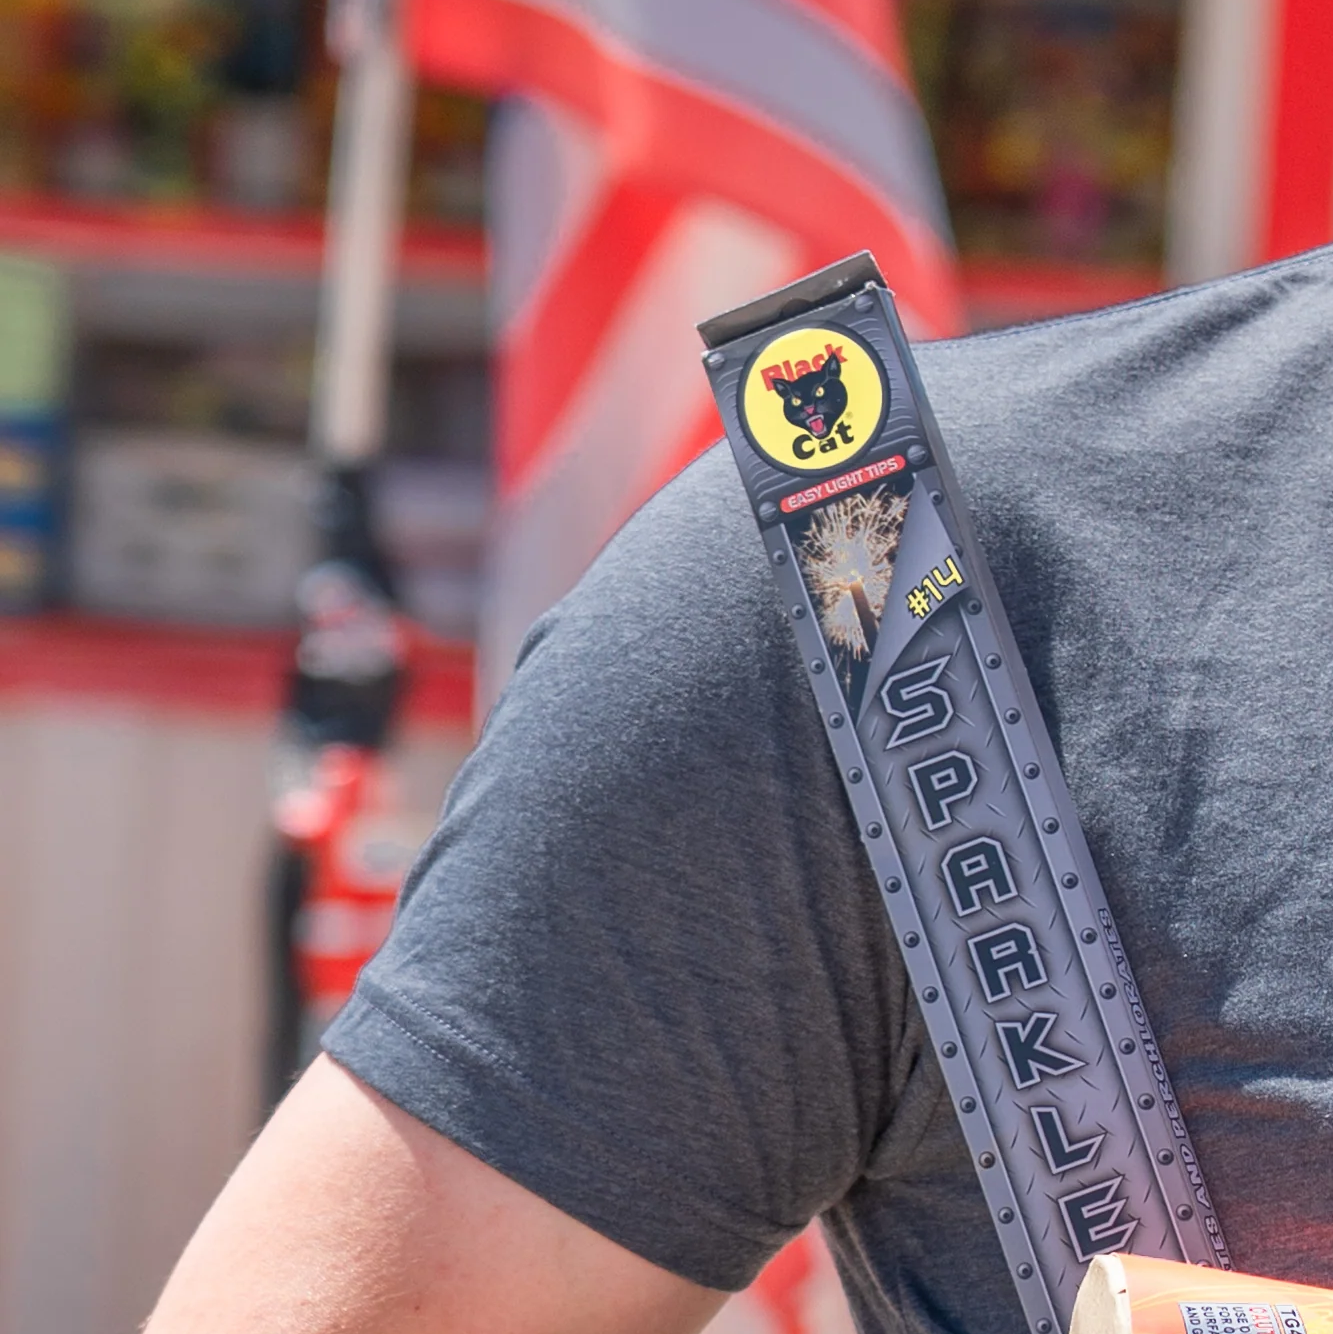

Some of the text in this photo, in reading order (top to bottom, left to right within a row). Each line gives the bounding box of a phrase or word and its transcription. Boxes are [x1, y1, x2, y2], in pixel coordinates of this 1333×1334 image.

[760, 343, 848, 391] Black
[792, 420, 854, 460] Cat
[787, 456, 899, 508] EASY LIGHT TIPS
[907, 556, 963, 619] #14
[1179, 1143, 1210, 1210] AND
[1185, 1304, 1200, 1325] AND
[1217, 1305, 1232, 1325] FOR
[1232, 1305, 1248, 1324] USE
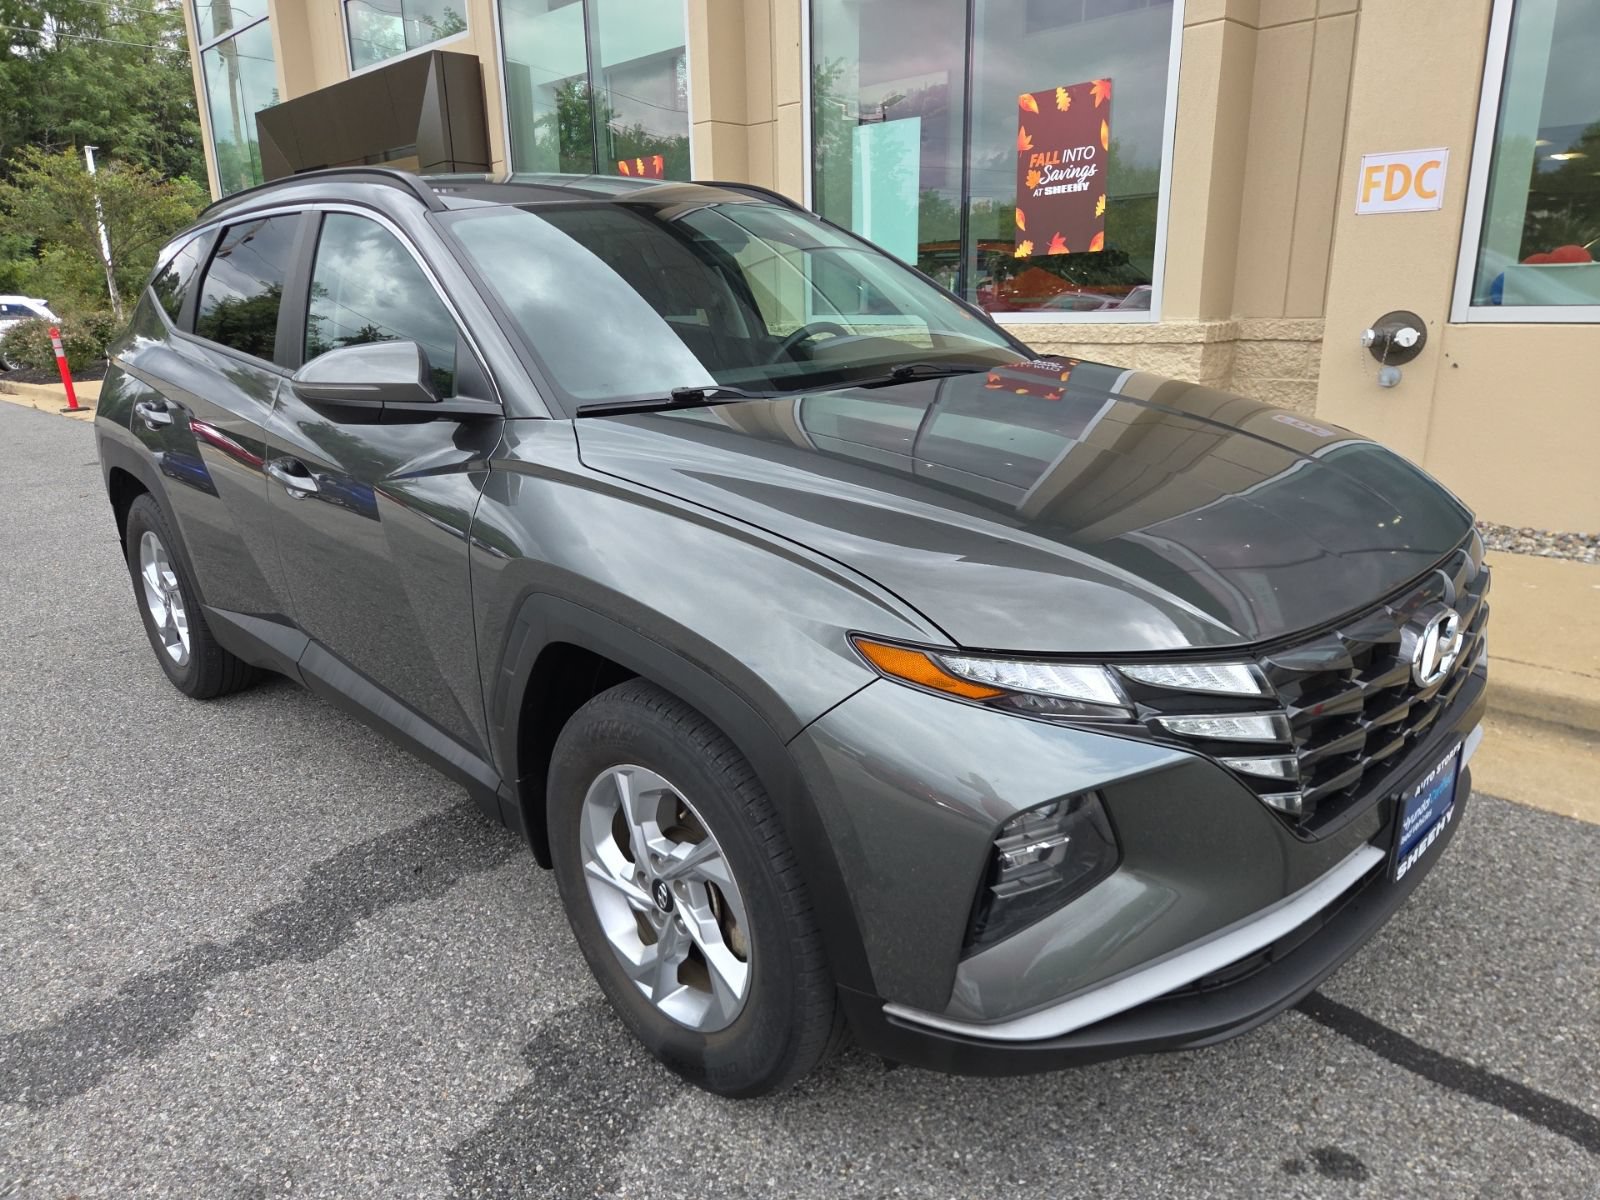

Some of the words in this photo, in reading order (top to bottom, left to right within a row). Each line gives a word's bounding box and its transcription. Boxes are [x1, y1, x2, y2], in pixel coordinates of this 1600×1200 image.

[1029, 151, 1060, 168] FALL
[1062, 146, 1096, 163] INTO
[1039, 164, 1099, 184] Savings
[1361, 160, 1441, 203] FDC
[1033, 189, 1044, 197] AT
[1044, 182, 1090, 196] SHEEHY
[1414, 770, 1436, 798] AUTO
[1396, 803, 1455, 881] SHEEHY

........

## YOUR ASSIGNMENT
Please restate all of the listing above word for word, with no pictures.

## ANSWER
Some of the text in this photo, in reading order (top to bottom, left to right within a row). Each line gives the bounding box of a phrase or word and its transcription. Boxes are [x1, y1, x2, y2], in pixel coordinates of this 1333×1334 image.

[760, 343, 848, 391] Black
[792, 420, 854, 460] Cat
[787, 456, 899, 508] EASY LIGHT TIPS
[907, 556, 963, 619] #14
[1179, 1143, 1210, 1210] AND
[1185, 1304, 1200, 1325] AND
[1217, 1305, 1232, 1325] FOR
[1232, 1305, 1248, 1324] USE

Some of the words in this photo, in reading order (top to bottom, left to right within a row). Each line gives a word's bounding box and its transcription. Boxes are [x1, y1, x2, y2], in pixel coordinates of this 1600×1200 image.

[1029, 151, 1060, 168] FALL
[1062, 146, 1096, 163] INTO
[1039, 164, 1099, 184] Savings
[1361, 160, 1441, 203] FDC
[1033, 189, 1044, 197] AT
[1044, 182, 1090, 196] SHEEHY
[1414, 770, 1436, 798] AUTO
[1396, 803, 1455, 881] SHEEHY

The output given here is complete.